Is the Jaccard distance a distance?

The trick is to use a transform called the Steinhaus Transform. Given a metric $(X, d)$ and a fixed point $a \in X$, you can define a new distance $D'$ as $$D'(x,y) = \frac{2D(x,y)}{D(x,a) + D(y,a) + D(x,y)}.$$ It's known that this transformation produces a metric from a metric. Now if you take as the base metric $D$ the symmetric difference between two sets, what you end up with is the Jaccard distance (which actually is known by many other names as well).

For more information and references, check out Ken Clarkson's survey Nearest-neighbor searching and metric space dimensions (Section 2.3).


Here is an elementary proof of the Steinhaus transform (from which said metricity follows as a special case, as noted in Suresh's answer).

Lemma.
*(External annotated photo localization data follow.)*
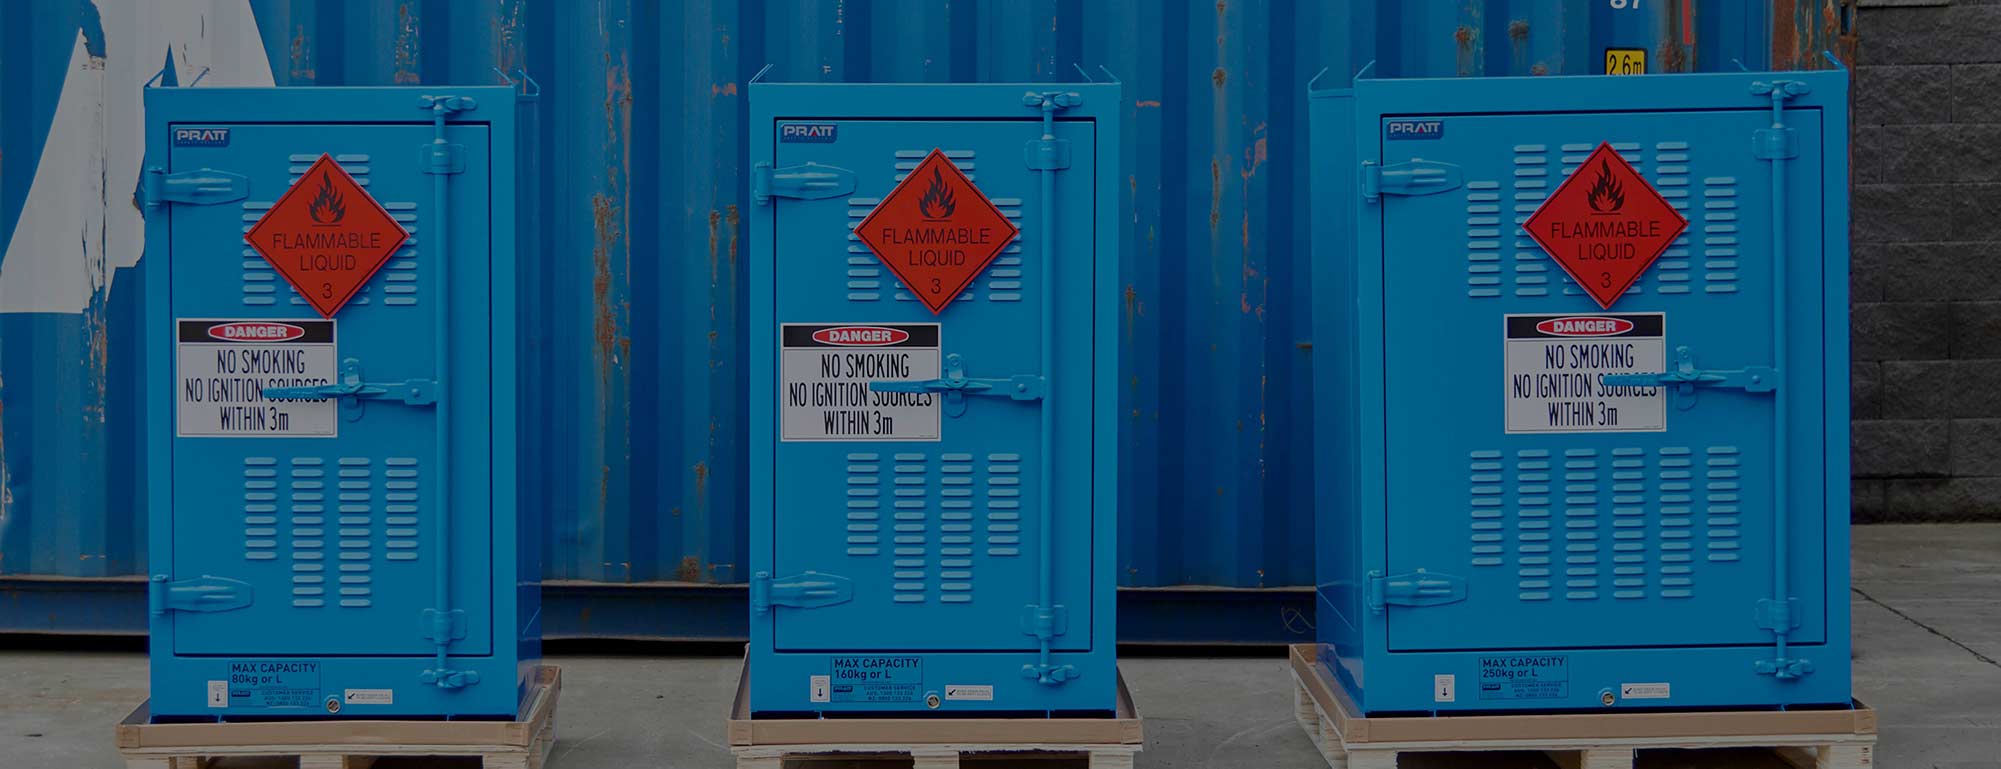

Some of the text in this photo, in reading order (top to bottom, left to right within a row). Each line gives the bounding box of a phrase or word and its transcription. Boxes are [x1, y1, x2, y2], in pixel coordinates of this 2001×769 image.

[1609, 54, 1642, 75] 26m
[177, 130, 228, 140] PRATT
[784, 126, 835, 136] PRATT
[1390, 123, 1441, 133] PRATT
[882, 228, 991, 245] FLAMMABLE
[1551, 221, 1661, 238] FLAMMABLE
[272, 232, 381, 249] FLAMMABLE
[908, 250, 966, 267] LIQUID
[1578, 243, 1636, 261] LIQUID
[299, 254, 356, 272] LIQUID
[930, 278, 941, 295] 3
[1600, 272, 1611, 289] 3
[322, 283, 333, 299] 3
[224, 325, 288, 339] DANGER
[1553, 320, 1617, 334] DANGER
[828, 330, 892, 343] DANGER
[217, 349, 305, 374] NO SMOKING
[1545, 344, 1634, 369] NO SMOKING
[821, 354, 909, 378] NO SMOKING
[186, 378, 203, 402] NO
[208, 378, 264, 402] IGNITION
[789, 382, 807, 407] NO
[812, 382, 868, 407] IGNITION
[1513, 374, 1531, 399] NO
[1536, 373, 1592, 398] IGNITION
[220, 406, 289, 431] WITHIN 3m
[823, 410, 893, 435] WITHIN 3m
[1548, 401, 1618, 427] WITHIN 3m
[232, 663, 316, 673] MAX CAPACITY
[834, 658, 919, 668] MAX CAPACITY
[1482, 657, 1564, 668] MAX CAPACITY
[232, 674, 258, 686] 80kg
[276, 674, 283, 683] L
[835, 669, 892, 680] 160kg or L
[1482, 668, 1514, 679] 250kg
[1532, 668, 1539, 677] L
Let $p,q > 0$ and $r\geq 0$ such that $p \le q$. Then, $\frac{p}{q} \le \frac{p+r}{q+r}.$

Corollary. Let $d(x,y)$ be a metric. Then, for arbitrary (but fixed) $a$, the map $\delta$ defined by \begin{equation*} \delta(x,y) := \frac{2d(x,y)}{d(x,a)+d(y,a)+d(x,y)} \end{equation*} (and $\delta(a,a)=0$) is a metric.

Proof. Only the triangle inequality for $\delta$ is nontrivial. Let $p=d(x,y)$, $q=d(x,y)+d(x,a)+d(y,a)$, and $r=d(x,z)+d(y,z)-d(x,y)$. Applying the lemma, we obtain \begin{eqnarray*} \delta(x,y) &=& \frac{2d(x,y)}{d(x,a)+d(y,a)+d(x,y)} \le \frac{2d(x,z)+2d(y,z)}{d(x,a)+d(y,a)+d(x,z)+d(y,z)}\\ &=& \frac{2d(x,z)}{d(x,a)+d(z,a)+d(x,z)+d(y,z)+d(y,a)-d(z,a)} + \frac{2d(y,z)}{d(y,a)+d(z,a)+d(y,z)+d(x,z)+d(x,a)-d(z,a)}\\ &\le& \delta(x,z)+\delta(y,z), \end{eqnarray*} where the last inequality again uses triangle inequality for $d$.


Possibly the simplest proof of the triangle inequality for the jaccard distance comes from the fact that it is the collision probability of the MinHash algorithm, and that's all we need. Let $H(X) = \text{argmin}_{i\in X} \pi(i)$ where $\pi(i)$ is a uniformly random permutation.

\begin{align*} J(X,Y) &= \Pr\left[H(X) = H(Y)\right] \\ 1 - J(X,Y) &= \Pr\left[H(X) \neq H(Y)\right].\\ \end{align*} So for any $Z$, \begin{align*} \Pr\left[H(X) = H(Y)\right] &\ge \Pr\left[H(X) = H(Z) \land H(Y) = H(Z)\right] \\ \Pr\left[H(X) \neq H(Y)\right] &\le \Pr\left[H(X) \neq H(Z) \lor H(Y) \neq H(Z)\right] \end{align*} But by the union bound, \begin{align*} \begin{split} \Pr\big[H(X) \neq H(Z) \lor H(Y) \neq H(Z)\big] &\le \Pr\big[H(X) \neq H(Z)\big] + \Pr\big[H(Y) \neq H(Z)\big] \end{split} \end{align*}

My co-author used this to prove that a particular jaccard generalization is a metric after I'd been struggling to prove it for a month, and I couldn't believe it.